── Data extracts ──

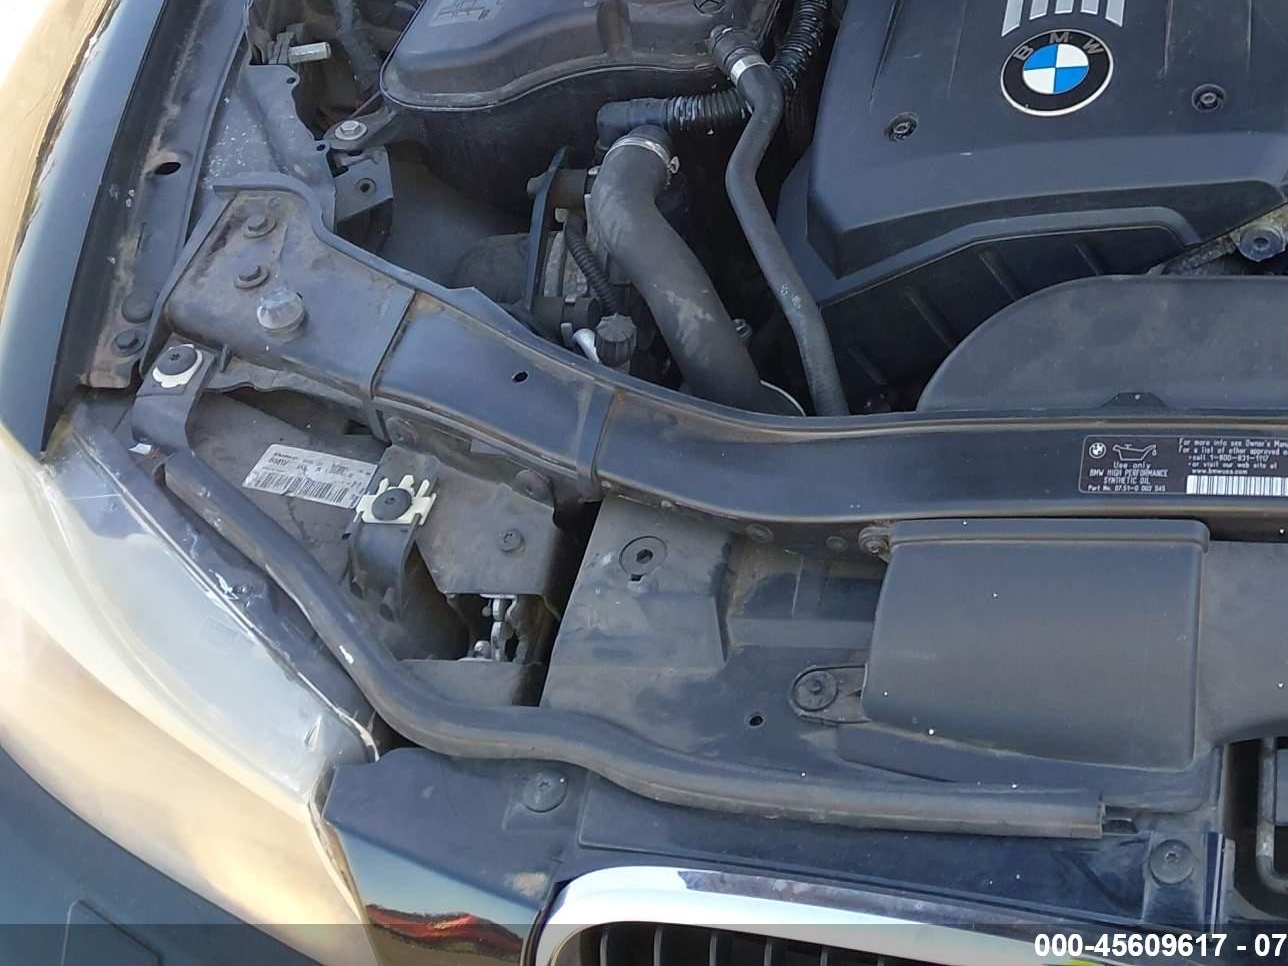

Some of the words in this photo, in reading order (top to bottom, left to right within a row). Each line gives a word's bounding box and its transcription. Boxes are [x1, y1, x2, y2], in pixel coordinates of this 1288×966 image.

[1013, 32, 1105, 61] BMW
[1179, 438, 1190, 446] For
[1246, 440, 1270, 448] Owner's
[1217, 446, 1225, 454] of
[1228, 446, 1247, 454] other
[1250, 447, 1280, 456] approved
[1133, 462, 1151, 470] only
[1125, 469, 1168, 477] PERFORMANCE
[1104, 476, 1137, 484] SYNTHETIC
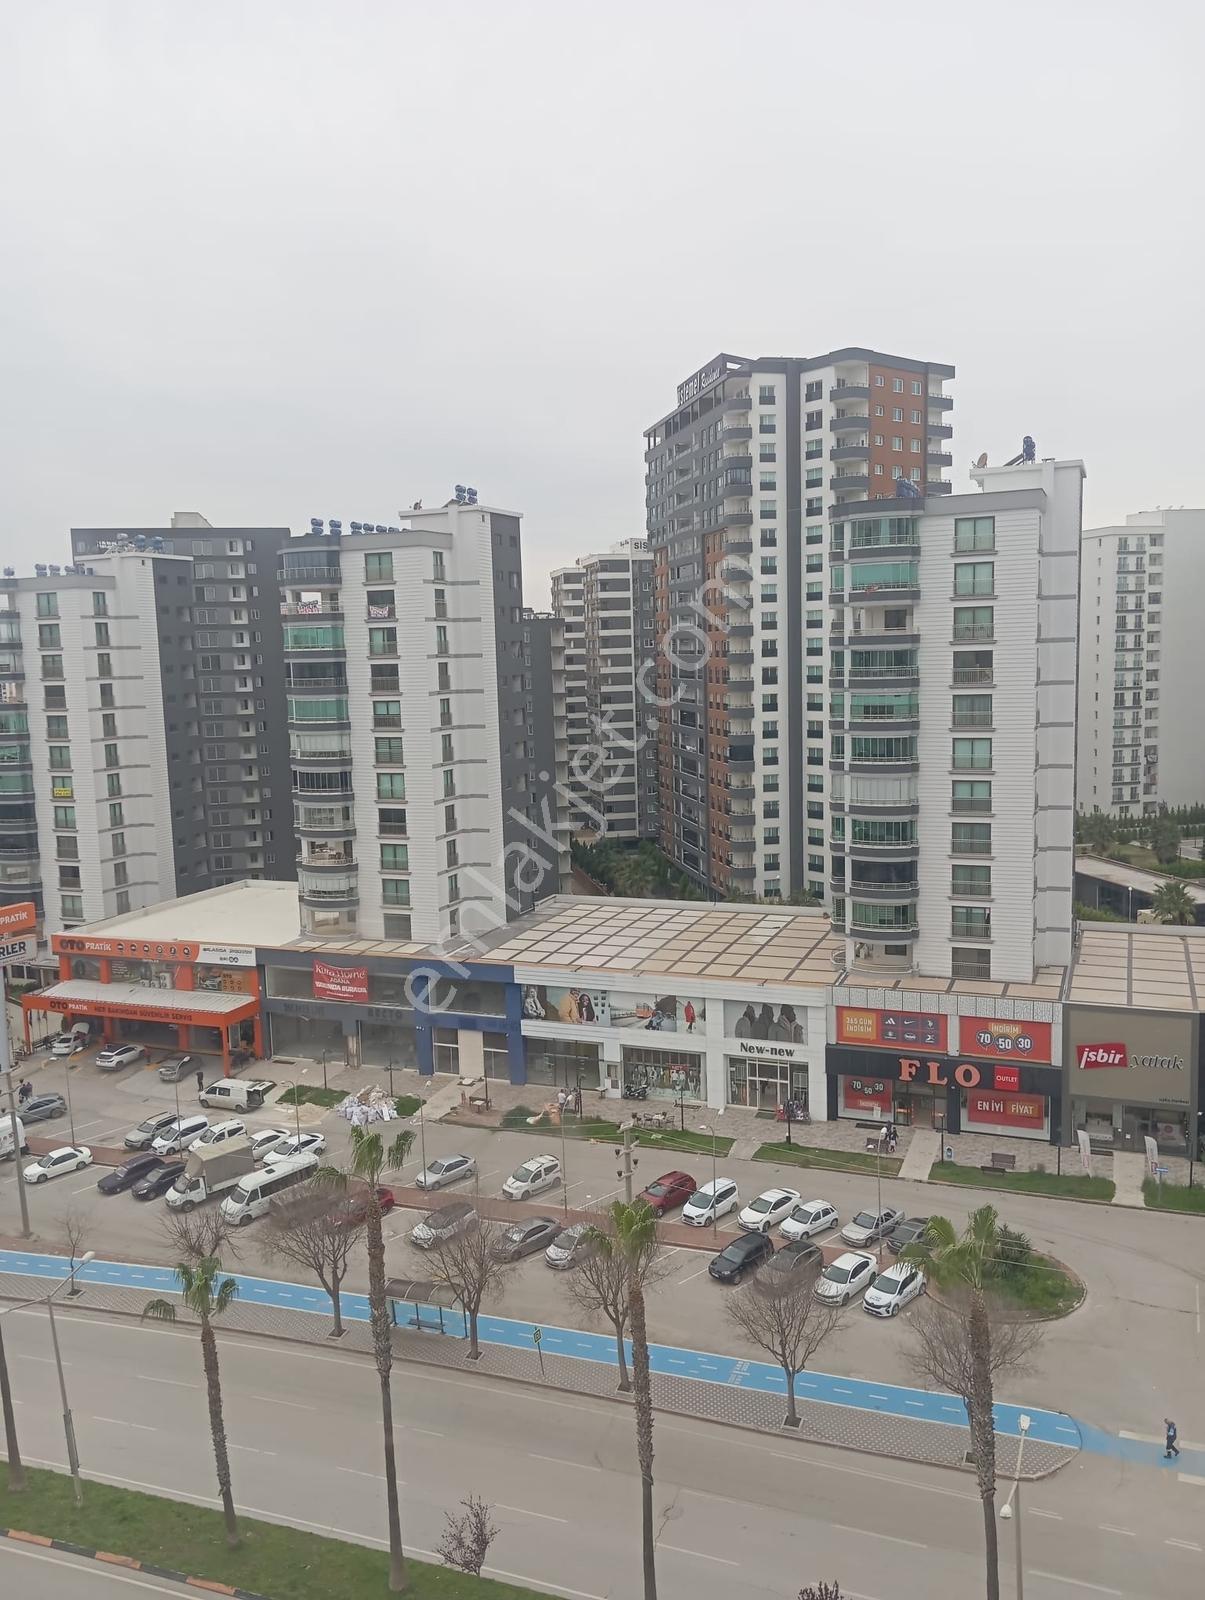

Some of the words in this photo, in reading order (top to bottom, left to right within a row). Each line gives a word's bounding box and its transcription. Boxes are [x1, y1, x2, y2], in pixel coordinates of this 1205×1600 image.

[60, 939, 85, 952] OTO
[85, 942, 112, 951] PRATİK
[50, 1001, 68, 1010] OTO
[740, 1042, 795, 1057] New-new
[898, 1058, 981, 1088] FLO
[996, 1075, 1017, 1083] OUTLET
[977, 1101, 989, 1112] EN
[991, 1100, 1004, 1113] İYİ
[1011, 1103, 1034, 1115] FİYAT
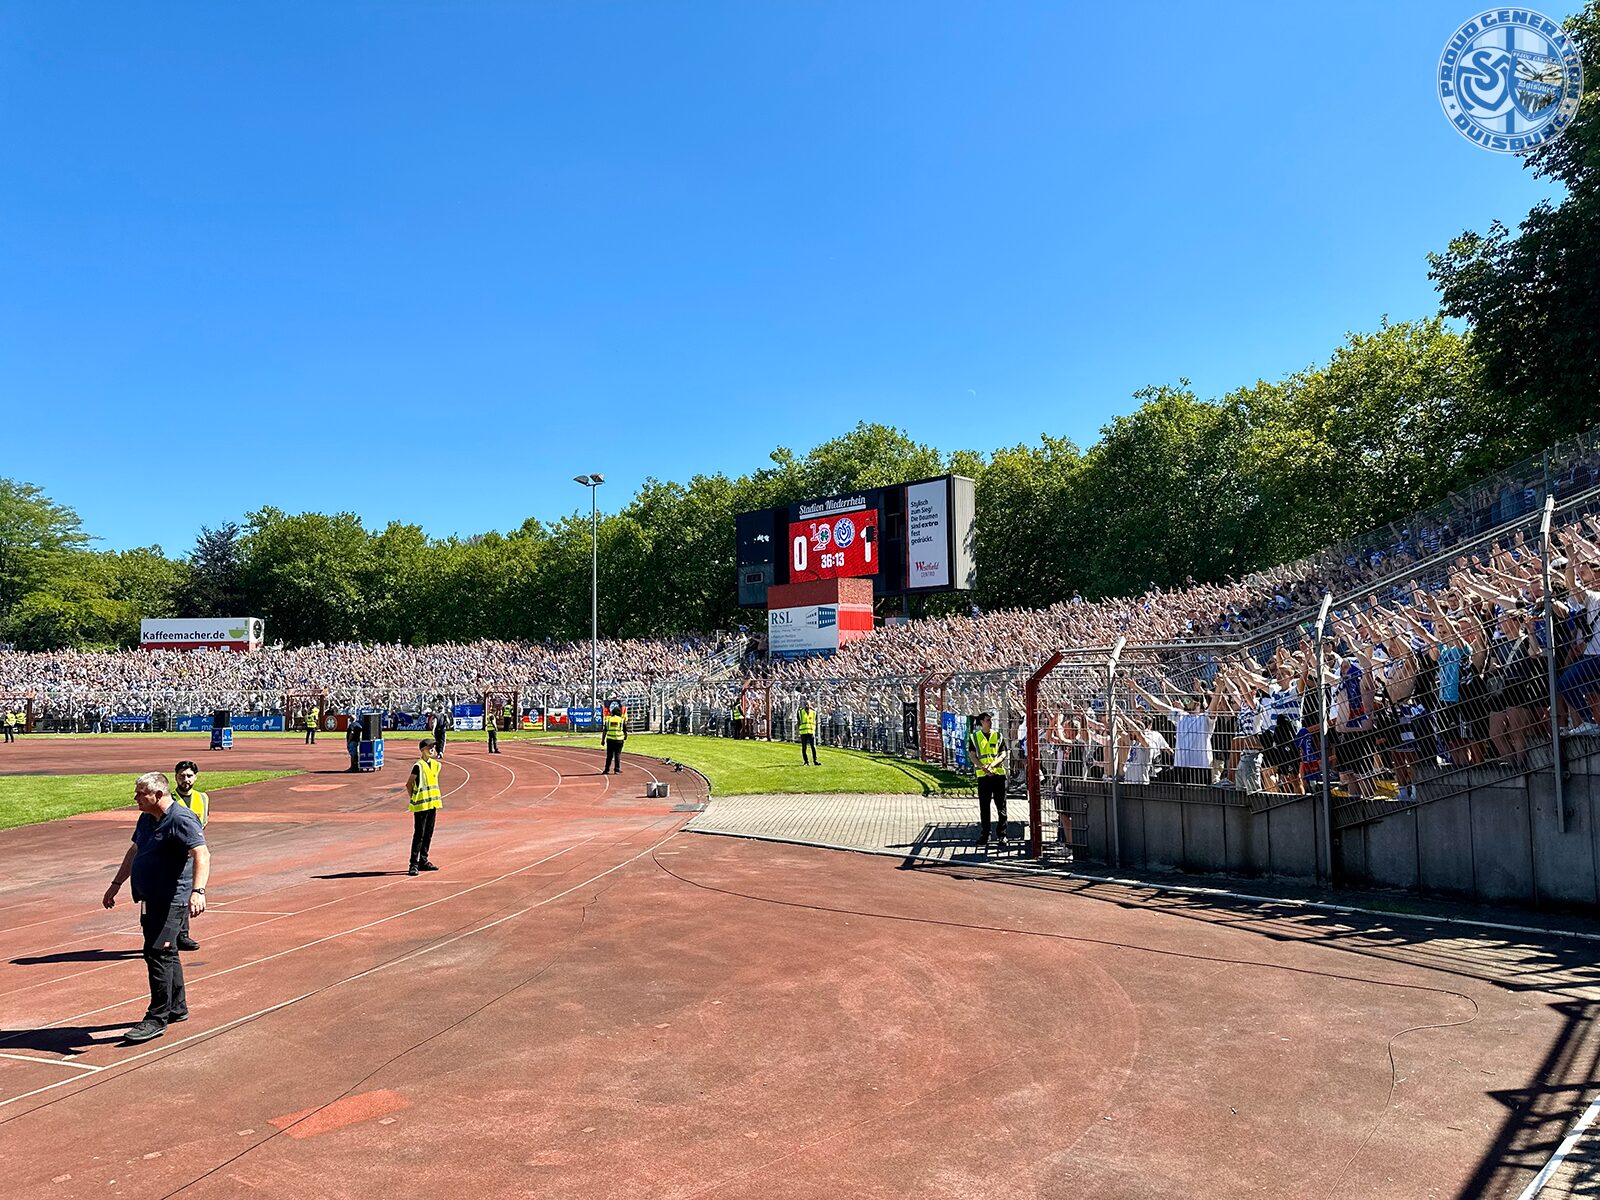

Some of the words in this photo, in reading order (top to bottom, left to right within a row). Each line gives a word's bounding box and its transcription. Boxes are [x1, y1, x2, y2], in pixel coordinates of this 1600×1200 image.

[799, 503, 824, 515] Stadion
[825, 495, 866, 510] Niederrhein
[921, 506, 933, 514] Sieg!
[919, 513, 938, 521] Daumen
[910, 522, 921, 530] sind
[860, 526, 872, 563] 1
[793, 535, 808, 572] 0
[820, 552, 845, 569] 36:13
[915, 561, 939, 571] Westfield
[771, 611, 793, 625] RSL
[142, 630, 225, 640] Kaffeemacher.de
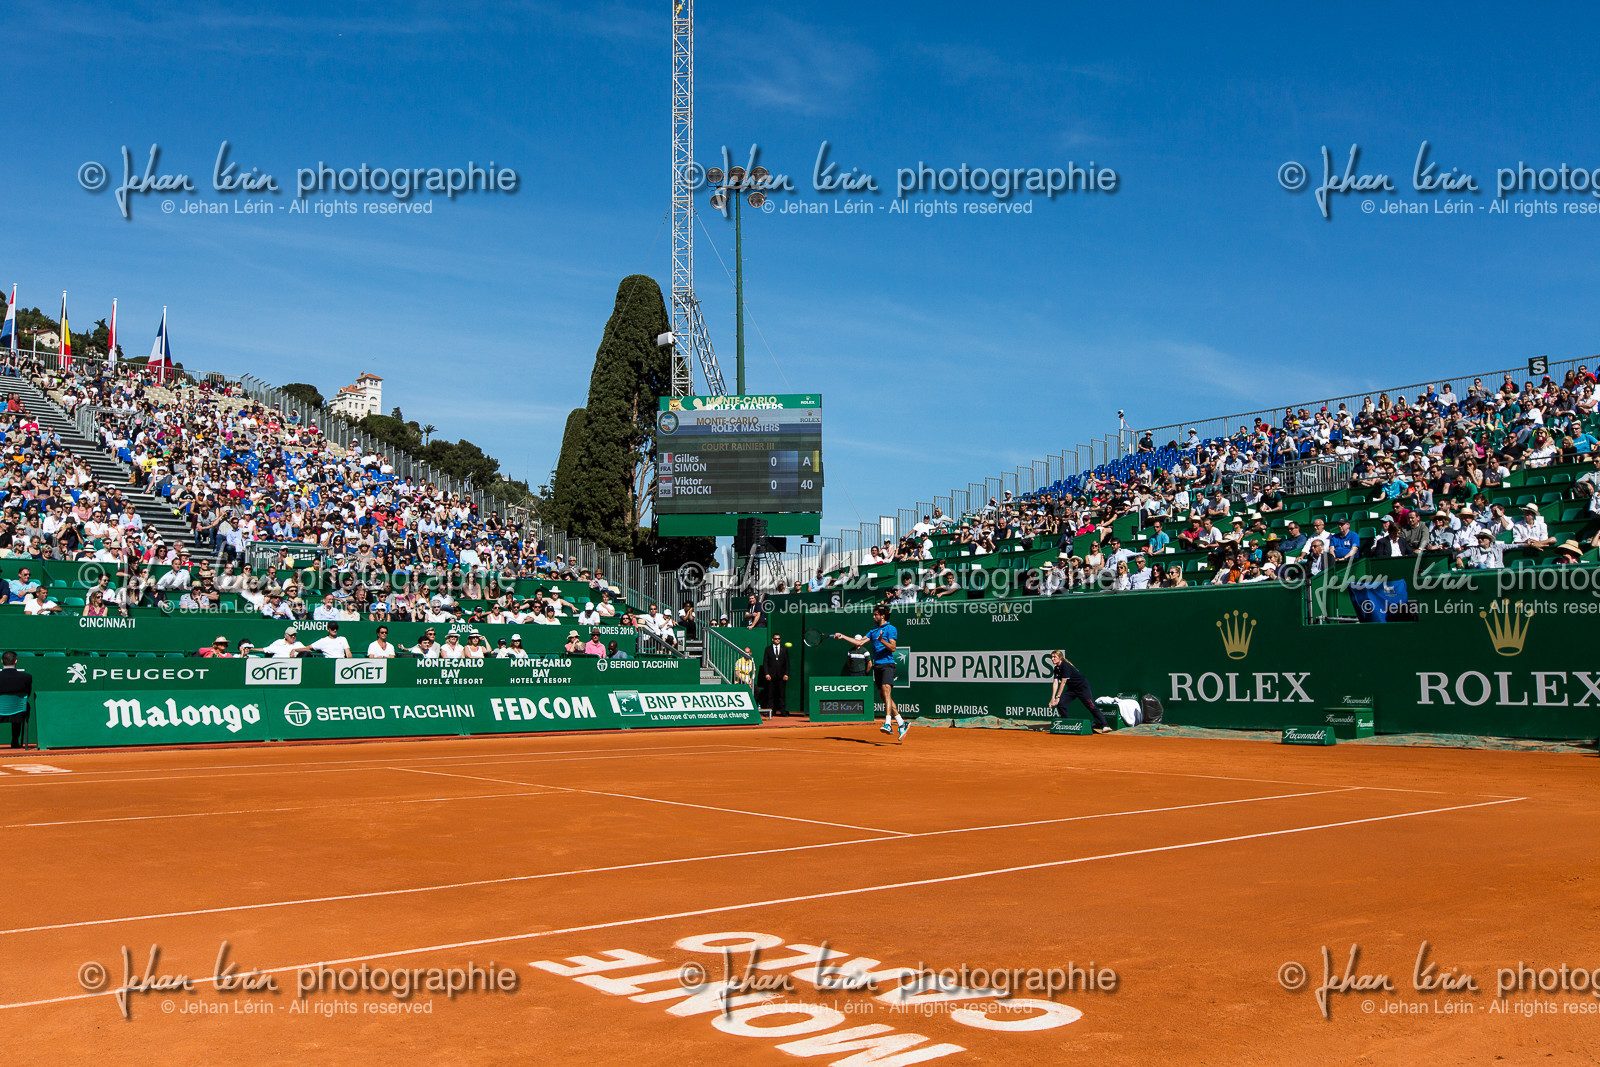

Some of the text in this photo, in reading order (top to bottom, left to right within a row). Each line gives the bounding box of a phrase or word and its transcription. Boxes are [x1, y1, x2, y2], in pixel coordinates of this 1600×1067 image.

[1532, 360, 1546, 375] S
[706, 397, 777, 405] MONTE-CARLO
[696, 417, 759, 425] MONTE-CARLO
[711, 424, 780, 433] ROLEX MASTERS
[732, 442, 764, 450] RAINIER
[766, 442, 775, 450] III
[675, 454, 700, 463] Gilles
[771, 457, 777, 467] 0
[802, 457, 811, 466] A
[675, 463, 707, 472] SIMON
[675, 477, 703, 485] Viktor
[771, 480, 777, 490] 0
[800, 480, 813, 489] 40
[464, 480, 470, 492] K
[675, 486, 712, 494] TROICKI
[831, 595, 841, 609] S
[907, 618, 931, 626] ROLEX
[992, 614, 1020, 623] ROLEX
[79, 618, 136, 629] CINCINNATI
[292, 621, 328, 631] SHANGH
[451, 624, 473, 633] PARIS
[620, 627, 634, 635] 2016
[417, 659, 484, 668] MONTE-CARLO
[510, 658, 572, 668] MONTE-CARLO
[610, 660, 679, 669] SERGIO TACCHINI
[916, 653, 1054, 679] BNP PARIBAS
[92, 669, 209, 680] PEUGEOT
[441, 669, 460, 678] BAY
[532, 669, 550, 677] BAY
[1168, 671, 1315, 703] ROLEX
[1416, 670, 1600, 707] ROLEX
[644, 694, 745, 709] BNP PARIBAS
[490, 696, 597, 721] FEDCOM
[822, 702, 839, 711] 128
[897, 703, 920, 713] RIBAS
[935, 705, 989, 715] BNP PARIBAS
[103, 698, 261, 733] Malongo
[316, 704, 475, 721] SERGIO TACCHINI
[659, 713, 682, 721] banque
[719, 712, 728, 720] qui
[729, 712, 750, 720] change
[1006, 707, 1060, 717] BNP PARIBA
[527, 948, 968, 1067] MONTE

───

Leaving the pictures out, write out every entry exactly.

Some of the words in this photo, in reading order (top to bottom, left to right within a row). Each line gives a word's bounding box and its transcription. Boxes are [x1, y1, x2, y2], in pixel coordinates of this 1288×966 image.

[1013, 32, 1105, 61] BMW
[1179, 438, 1190, 446] For
[1246, 440, 1270, 448] Owner's
[1217, 446, 1225, 454] of
[1228, 446, 1247, 454] other
[1250, 447, 1280, 456] approved
[1133, 462, 1151, 470] only
[1125, 469, 1168, 477] PERFORMANCE
[1104, 476, 1137, 484] SYNTHETIC

Some of the words in this photo, in reading order (top to bottom, left to right within a row). Each line gives a word's bounding box and its transcription. Boxes are [x1, y1, x2, y2], in pixel coordinates of this 1205×1600 image.

[60, 939, 85, 952] OTO
[85, 942, 112, 951] PRATİK
[50, 1001, 68, 1010] OTO
[740, 1042, 795, 1057] New-new
[898, 1058, 981, 1088] FLO
[996, 1075, 1017, 1083] OUTLET
[977, 1101, 989, 1112] EN
[991, 1100, 1004, 1113] İYİ
[1011, 1103, 1034, 1115] FİYAT

Some of the words in this photo, in reading order (top to bottom, left to right within a row). Each line gives a word's bounding box and its transcription. Boxes are [x1, y1, x2, y2], in pixel coordinates of this 1600×1200 image.

[799, 503, 824, 515] Stadion
[825, 495, 866, 510] Niederrhein
[921, 506, 933, 514] Sieg!
[919, 513, 938, 521] Daumen
[910, 522, 921, 530] sind
[860, 526, 872, 563] 1
[793, 535, 808, 572] 0
[820, 552, 845, 569] 36:13
[915, 561, 939, 571] Westfield
[771, 611, 793, 625] RSL
[142, 630, 225, 640] Kaffeemacher.de

Some of the text in this photo, in reading order (top to bottom, left to right within a row). Each line gives the bounding box of a phrase or word and its transcription. Boxes are [x1, y1, x2, y2], in pixel coordinates of this 1600×1067 image.

[1532, 360, 1546, 375] S
[706, 397, 777, 405] MONTE-CARLO
[696, 417, 759, 425] MONTE-CARLO
[711, 424, 780, 433] ROLEX MASTERS
[732, 442, 764, 450] RAINIER
[766, 442, 775, 450] III
[675, 454, 700, 463] Gilles
[771, 457, 777, 467] 0
[802, 457, 811, 466] A
[675, 463, 707, 472] SIMON
[675, 477, 703, 485] Viktor
[771, 480, 777, 490] 0
[800, 480, 813, 489] 40
[464, 480, 470, 492] K
[675, 486, 712, 494] TROICKI
[831, 595, 841, 609] S
[907, 618, 931, 626] ROLEX
[992, 614, 1020, 623] ROLEX
[79, 618, 136, 629] CINCINNATI
[292, 621, 328, 631] SHANGH
[451, 624, 473, 633] PARIS
[620, 627, 634, 635] 2016
[417, 659, 484, 668] MONTE-CARLO
[510, 658, 572, 668] MONTE-CARLO
[610, 660, 679, 669] SERGIO TACCHINI
[916, 653, 1054, 679] BNP PARIBAS
[92, 669, 209, 680] PEUGEOT
[441, 669, 460, 678] BAY
[532, 669, 550, 677] BAY
[1168, 671, 1315, 703] ROLEX
[1416, 670, 1600, 707] ROLEX
[644, 694, 745, 709] BNP PARIBAS
[490, 696, 597, 721] FEDCOM
[822, 702, 839, 711] 128
[897, 703, 920, 713] RIBAS
[935, 705, 989, 715] BNP PARIBAS
[103, 698, 261, 733] Malongo
[316, 704, 475, 721] SERGIO TACCHINI
[659, 713, 682, 721] banque
[719, 712, 728, 720] qui
[729, 712, 750, 720] change
[1006, 707, 1060, 717] BNP PARIBA
[527, 948, 968, 1067] MONTE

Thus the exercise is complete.